No. 352
Editorial Note
Documentation on the Berlin Conference comes from three principal sources in Department of State files. The most extensive set of records is in Conference files, lot 60 D 627, CF 193–216. Similar materials are in CFM files, lot M 88, boxes 167–168. The third repository is the central file 396.1 BE, which contains a small but significant amount of documentation. All three sources duplicate each other extensively.
[Page 805]Lots 60 D 627 and M 88 include in their records sets of the documents of the conference (designated FPM (54)–), United States Delegation background papers (designated BER D–), records of the Tripartite Working Group (designated BER MIN), records of the United States Delegation meetings (designated USDEL MIN), sets of the United States Delegation verbatim records of the plenary meetings (usually designated USDEL PLEN/), copies of the telegrams to and from the delegation (designated Secto and Tosec respectively), and records of the six restricted sessions of the conference. In general these records are more nearly complete in the Conference files than in the CFM files. In addition to these records the Conference files have complete sets of the telegrams to and from Secretary Dulles (designated Dulte and Tedul) and have a large collection of memoranda of conversations between members of the United States Delegation and Austrian, British, French, German, and Soviet officials who were attending the conference or were in Berlin while it met. The material in 396.1 BE is largely confined to telegrams to and from the delegation, records of the restricted sessions, and an occasional memorandum of conversation.
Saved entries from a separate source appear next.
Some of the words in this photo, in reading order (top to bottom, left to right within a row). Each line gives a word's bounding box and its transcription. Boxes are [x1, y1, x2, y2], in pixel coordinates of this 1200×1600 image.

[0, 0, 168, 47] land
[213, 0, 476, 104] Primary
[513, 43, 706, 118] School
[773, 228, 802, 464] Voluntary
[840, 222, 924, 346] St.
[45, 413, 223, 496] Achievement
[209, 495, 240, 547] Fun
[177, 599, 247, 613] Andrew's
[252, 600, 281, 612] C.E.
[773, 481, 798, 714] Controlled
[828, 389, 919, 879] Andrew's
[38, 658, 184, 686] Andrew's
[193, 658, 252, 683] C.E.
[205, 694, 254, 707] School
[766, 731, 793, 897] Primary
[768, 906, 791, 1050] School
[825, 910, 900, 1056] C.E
Supplementing these sources are two collections of documents on the conference which were made public shortly after its completion. A British publication, Documents relating to the Meeting of Foreign Ministers of France, the United Kingdom, the Soviet Union, and the United States of America, Berlin, January 25–February 18, 1954, Miscellaneous No. 5 (1954) (hereafter cited as Cmd. 9080), presents statements from the plenaries and various documents of the conference. A United States publication, Foreign Ministers Meeting, Berlin Discussions, January 25–February 18, 1954 (hereafter cited as Berlin Discussions), presents a similar record, although the texts of the several statements produced in it are not exactly the same as those in Cmd. 9080, nor are the same ones included in both publications. References to these two sources have been used to provide citations for the full texts of statements which are otherwise summarized in the following documentation. In addition to these publications, Foreign Secretary Eden has written his own account of the conference in Eden, Full Circle, pages 65–85 and 97–100.
The documentation that follows presents the conference in a day-to-day manner from the opening session on January 25 to the twenty-first and final plenary on February 18. The material for each day has been presented in the order in which the events took place as nearly as can be determined. Because of the vagueness concerning the times of some of the meetings and conversations, the editors have been forced to place some records at the end of a given day. Telegrams coming to the United States Delegation have been inserted at the time of their arrival, where possible, and telegrams [Page 806] from the delegation have been printed either at the time of their dispatch or at the time of the event that they are recording. Records of all the plenary and restricted sessions are included, as are records of the most significant conversations which were found in the three principal sources cited above. Unfortunately records of the tripartite Foreign Ministers meetings, which generally preceded a plenary, have not been found with the exception of a very few which have been printed. The editors have also included memoranda of conversations that took place during the conference, but which were not devoted to topics on the agenda. Conversations of lesser importance have been summarized in footnotes or editorial notes where appropriate.
Following the presentation of the daily evolution of the conference, the editors have presented the various documents introduced during the sessions. This section is not inclusive since many of the conference documents appear as parts of the records of the meetings or in the memoranda of conversations, but all those documents which are referred to throughout the conference are accounted for in one place or the other. In the final section the editors have set forth reports and analyses of the conference by major United States participants.